Paying $17.29/mo for WSJ iPad app should disqualify you for something important, like being allowed to use money.

As I’ve said before, Murdoch for all of his brash brilliance has no understanding of the economics of digital businesses. I give him props for still having the power to shift the discussion, and I think that his paywall strategy at the Times might help it stem its £250,000 a day losses. However, his paywall strategy is a defensive move, not a long term strategy. Unless he starts building credible digitally-focused businesses as soon as the paywall brings in some cash to stabilise the business, it will be a brief pause on the path to collapse.

Now, let’s look at other strategies for the iPad. Let’s look at the FT. Robert Andrews, UK editor of paidContent, says that the FT secured sponsorship that allows it to offer its iPad app for free for two months, after which time they will shift to subscription model with the promise of additional features. Much cleverer.

Suw and I talk often that one thing really lacking when it comes to digital content is commercial experimentation. The FT securing sponsorship for a free app for two months is a good step at not only experimenting with content but also with payment models. The Economist earlier this year released a report on social networking, allowing users to download it for free and giving sponsor prominent credit for the offer. This is clever. Premium sponsorship opportunities for special content or services.

Look at the development thinking behind National Public Radio’s iPad app. They did market research and found that up to 5% of their audience were planning on buying an iPad. They knew what the opportunity was.

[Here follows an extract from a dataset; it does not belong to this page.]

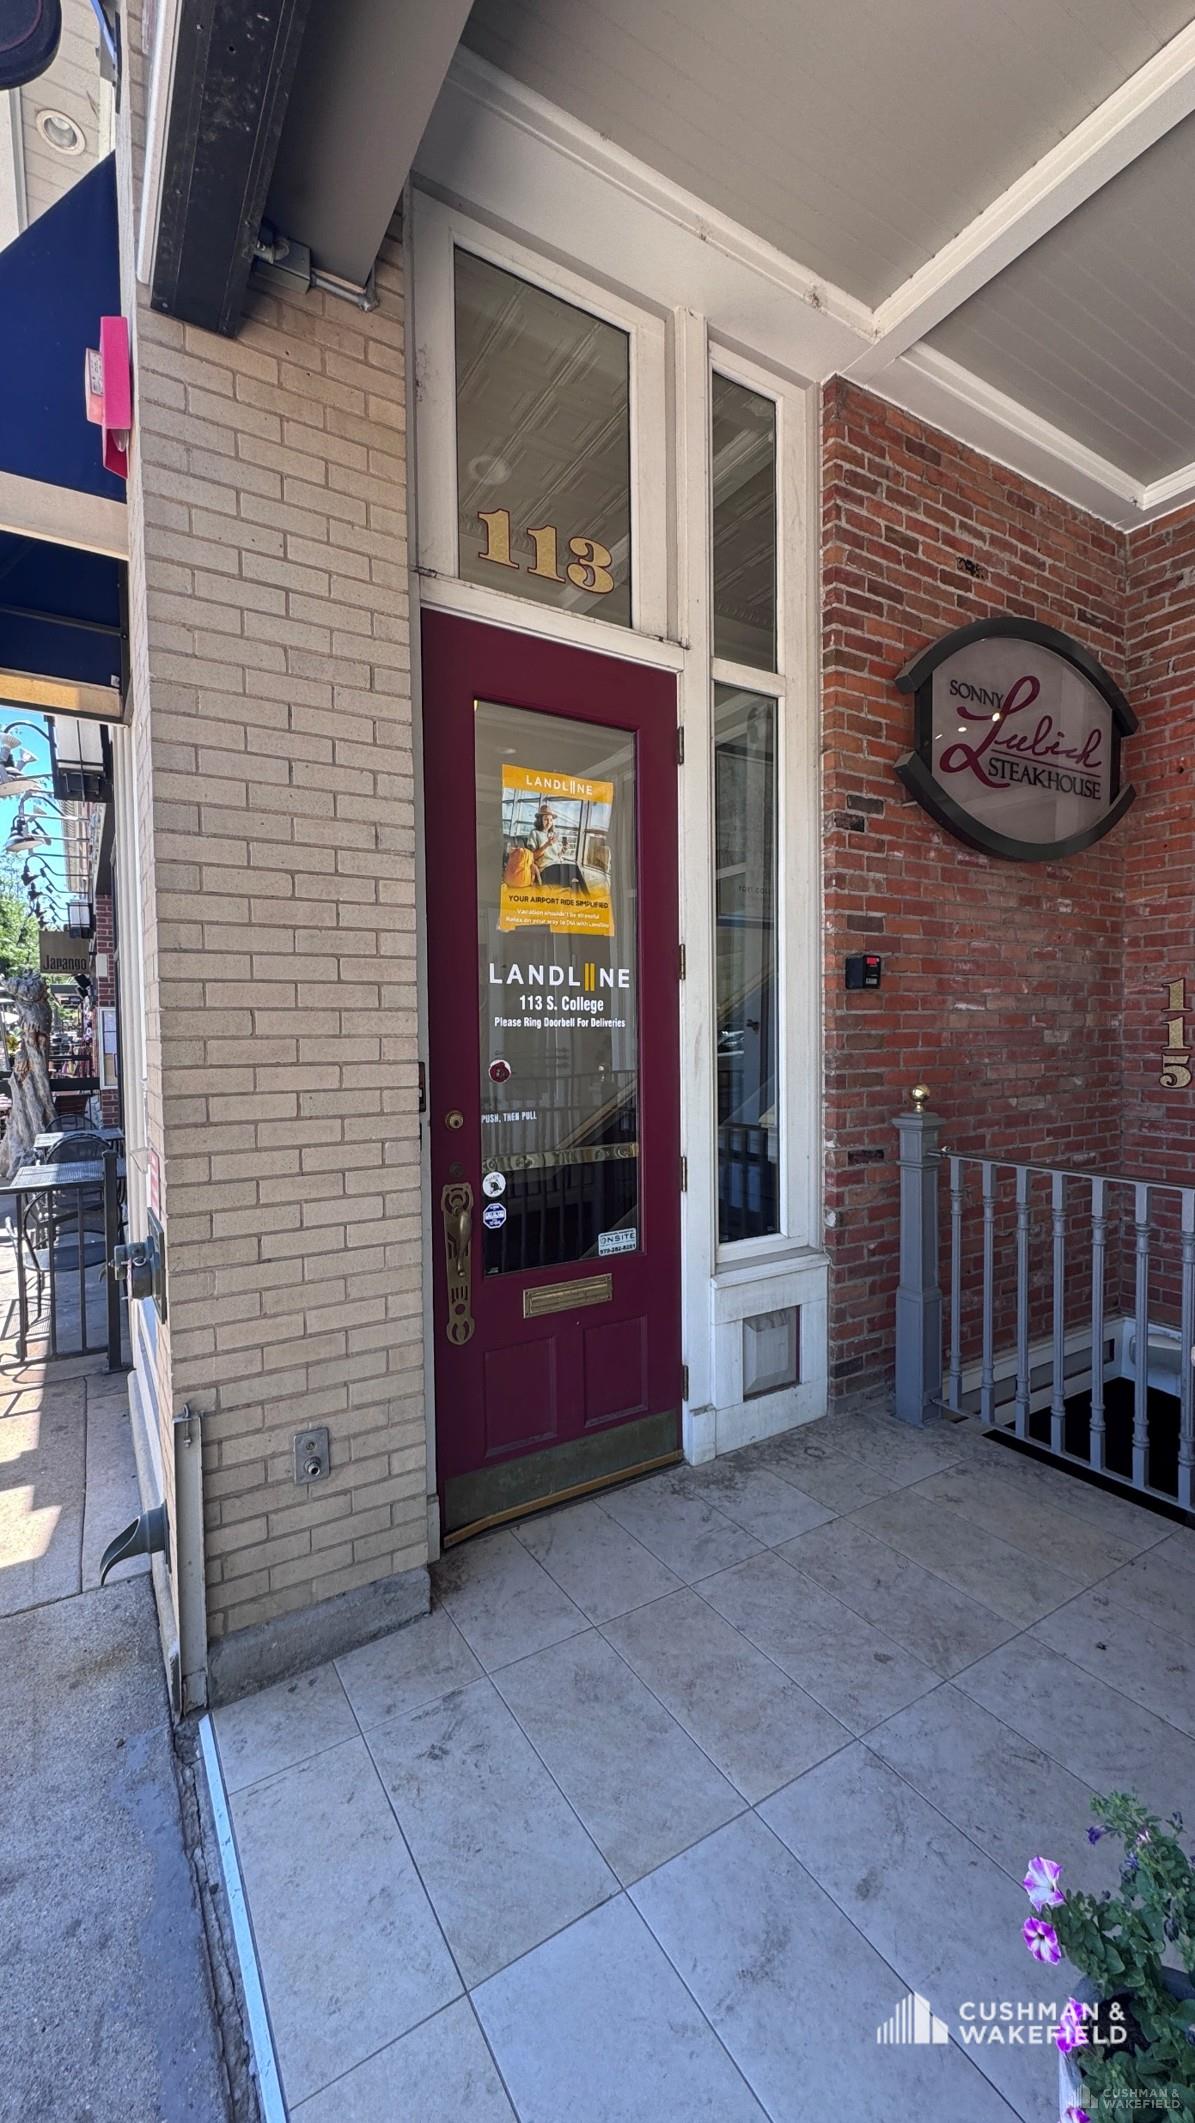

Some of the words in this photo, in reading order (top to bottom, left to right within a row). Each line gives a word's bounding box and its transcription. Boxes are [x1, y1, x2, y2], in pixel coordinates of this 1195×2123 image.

They also used iPad development to improve the experience for visitors coming from search or social networking services, explains Kinsey Wilson, senior vice president and general manager of NPR Digital Media.

Compare the strategies and thinking. On the one hand we have a set of pricing models that deliver marginal value for premium prices and show very little that differentiate themselves from the web experience, although they expect to charge more. These pricing models are based on a sense of entitlement to set pricing as it was in the days of print. I won’t even call them strategies because they lack any kind of realistic strategic thinking.

On the other hand we have a set of strategic pricing structures. NPR takes a realistic look at the commercial potential, does market research and develops its app not just for a single device but also as a chance to make improvements to their overall service. The FT experiments not just with content but also with the commercial strategy.

In terms of who is positioning themselves for the future by delivering value to their audiences and experimenting with business models, it’s clear. If any company thinks that the iPad will allow them to rebuild the monopoly rent pricing structure of the 20th Century, then you’ve really fallen prey to the Steve Jobs’ reality distortion field, and you’ve blown yet another chance to build a credible digital business. However, I’ve got a game you might want to check out, Final Fantasy.